These annotations were developed by our students to annotate spans of tokens with properties of special interest.

Annotation layer and value(s)	Description
definition annotation value(s): fig expl	A Definition.
disease annotation value(s): di	Mention of a disease, complete phrase.
term annotation value(s): t h d	A technical term, naming of a herb or plant, naming of a disease
reader_ref annotation value(s): pron1pl pron2sg pron3sg pron2pl address	References made by authors to the reader. Values indicate the grammatical type of the reference, e.g. "pron2sg" for second person singular pronoun.
author_ref annotation value(s): pron1pl pron1sg pron2sg pron3sg author	References made by authors to themselves.
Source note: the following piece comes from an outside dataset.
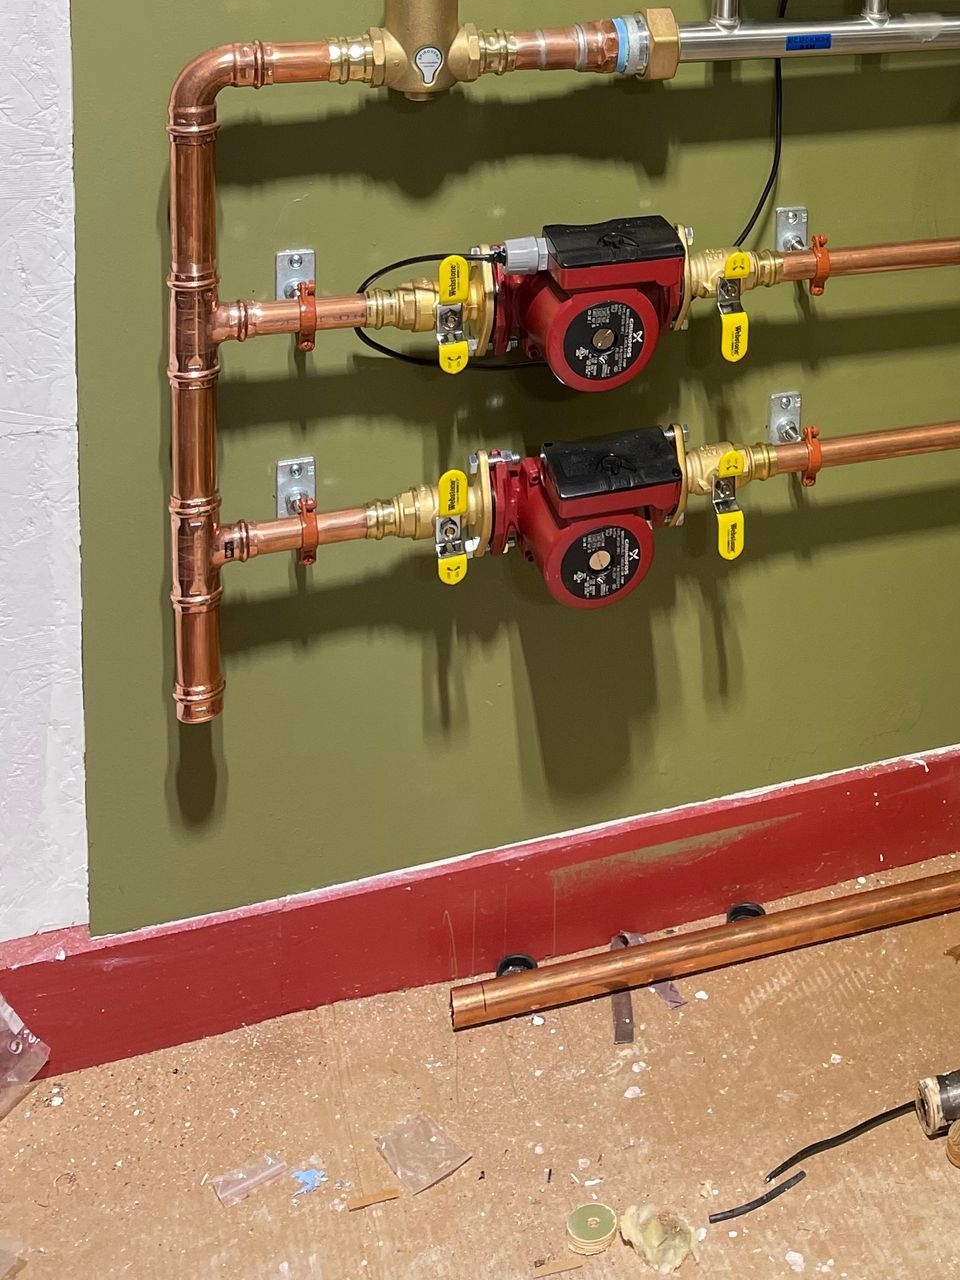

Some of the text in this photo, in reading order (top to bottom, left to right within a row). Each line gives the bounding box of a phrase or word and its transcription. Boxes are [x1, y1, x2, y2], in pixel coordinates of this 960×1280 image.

Values indicate the grammatical type of the reference, e.g. "pron1pl" for first person plural pronoun.
plant annotation value(s): pl	Naming of a plant
property annotation value(s): appearance effect smell preparation taste cultivation	Description of properties like appearance, smell, etc.
name annotation value(s): name	A proper name (annotated only in some documents).
name_type annotation value(s): herb scholar plant person flower tree gardener publisher	The type of proper name (e.g. "person", "herb").

Metadata

These annotations follow the TEI P5 guidelines.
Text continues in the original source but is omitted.